___ Information provided ___

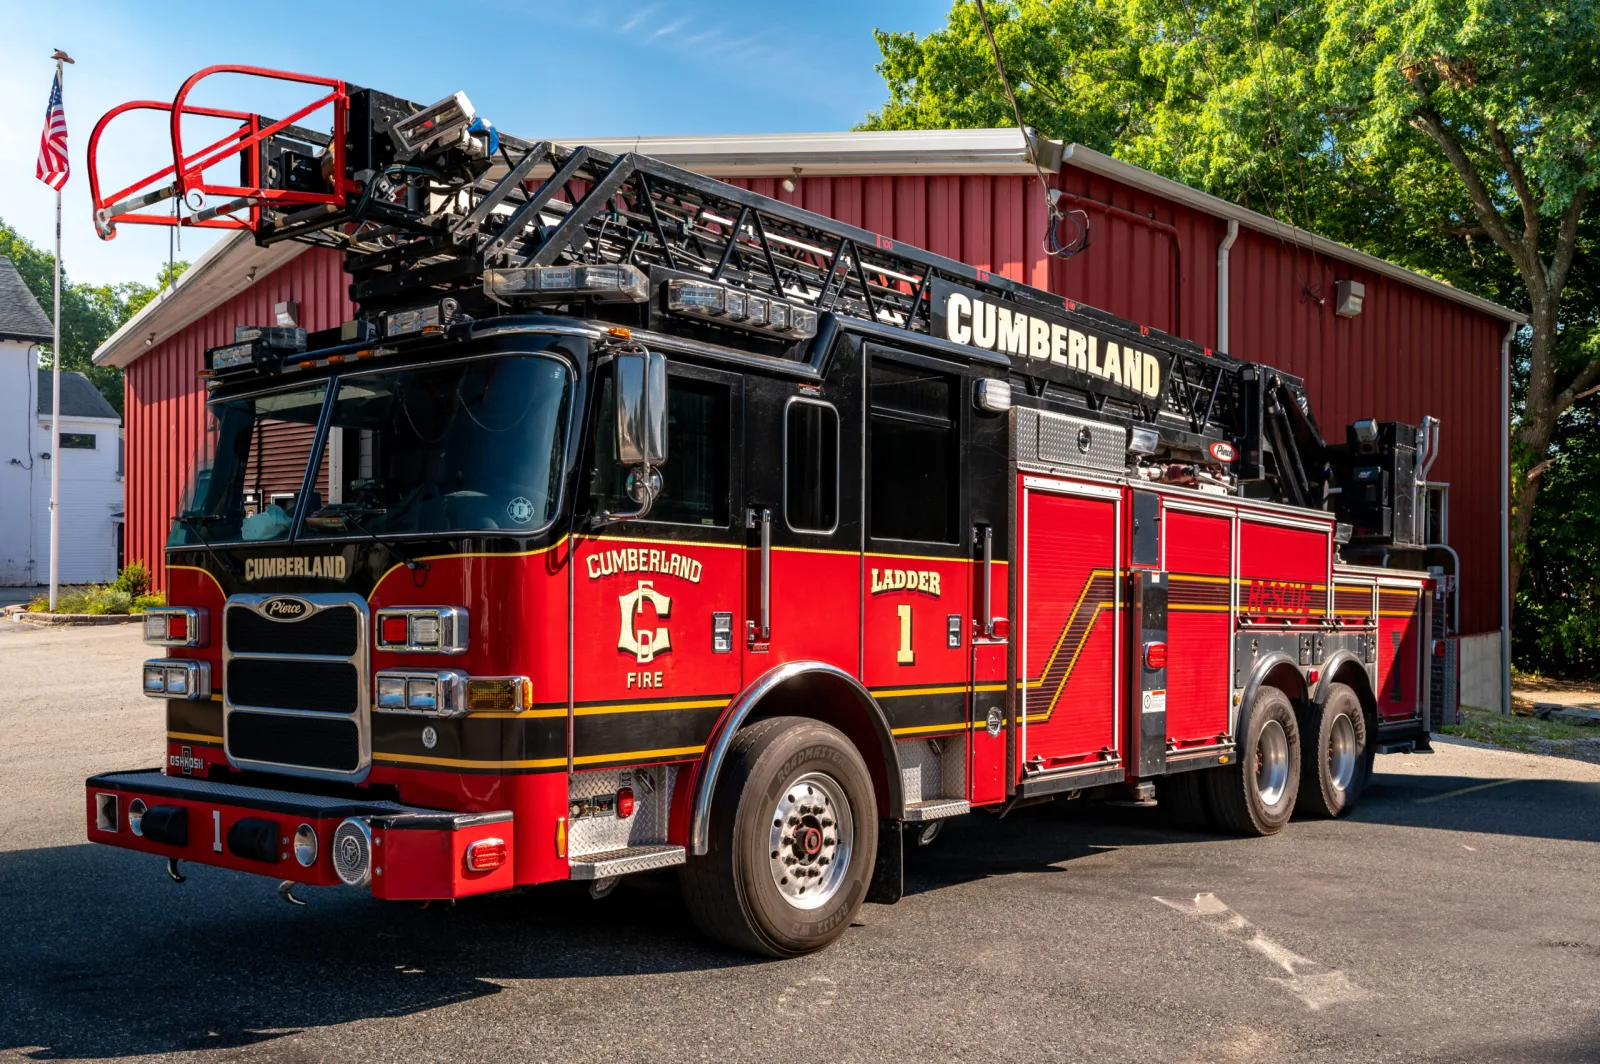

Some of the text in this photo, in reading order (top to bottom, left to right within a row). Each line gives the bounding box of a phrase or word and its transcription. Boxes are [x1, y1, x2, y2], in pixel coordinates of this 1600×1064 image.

[881, 239, 893, 251] 100
[946, 292, 1160, 399] CUMBERLAND
[245, 555, 346, 580] CUMBERLAND
[586, 548, 703, 584] CUMBERLAND
[871, 568, 941, 598] LADDER
[1247, 580, 1313, 614] RESCUE
[269, 601, 301, 615] Pierce
[897, 604, 915, 666] 1
[627, 671, 664, 690] FIRE
[169, 755, 205, 770] OSHKOSH
[212, 809, 223, 853] 1
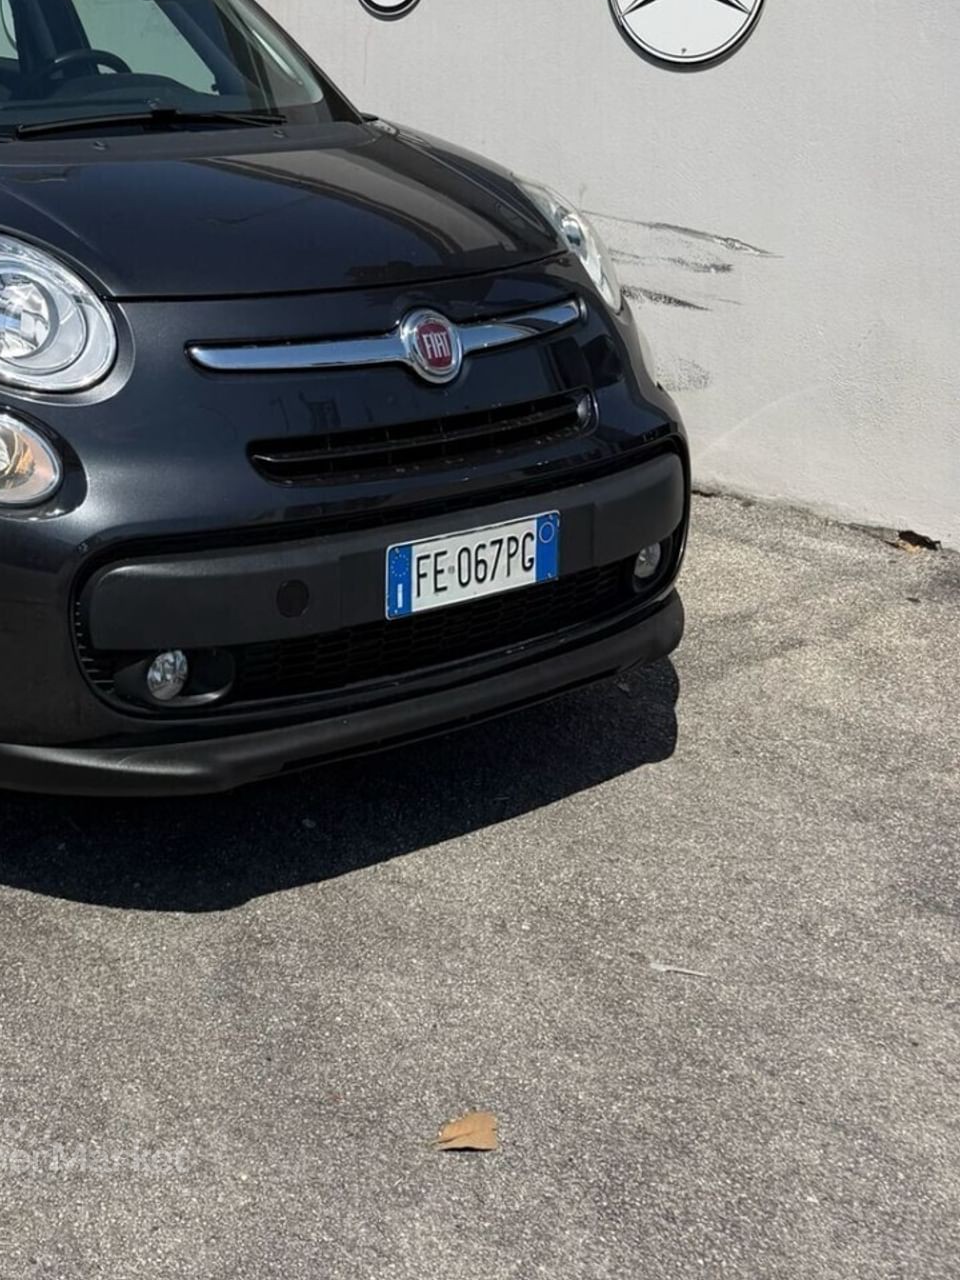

___

#### Instructions for the task
This task calls for the records to be copied exactly, without pictures.

#### Completed exercise
Some of the text in this photo, in reading order (top to bottom, left to right within a row). Each line gives the bounding box of a phrase or word and its transcription. Boxes are [x1, y1, x2, y2], in pixel coordinates of this 1600×1064 image.

[881, 239, 893, 251] 100
[946, 292, 1160, 399] CUMBERLAND
[245, 555, 346, 580] CUMBERLAND
[586, 548, 703, 584] CUMBERLAND
[871, 568, 941, 598] LADDER
[1247, 580, 1313, 614] RESCUE
[269, 601, 301, 615] Pierce
[897, 604, 915, 666] 1
[627, 671, 664, 690] FIRE
[169, 755, 205, 770] OSHKOSH
[212, 809, 223, 853] 1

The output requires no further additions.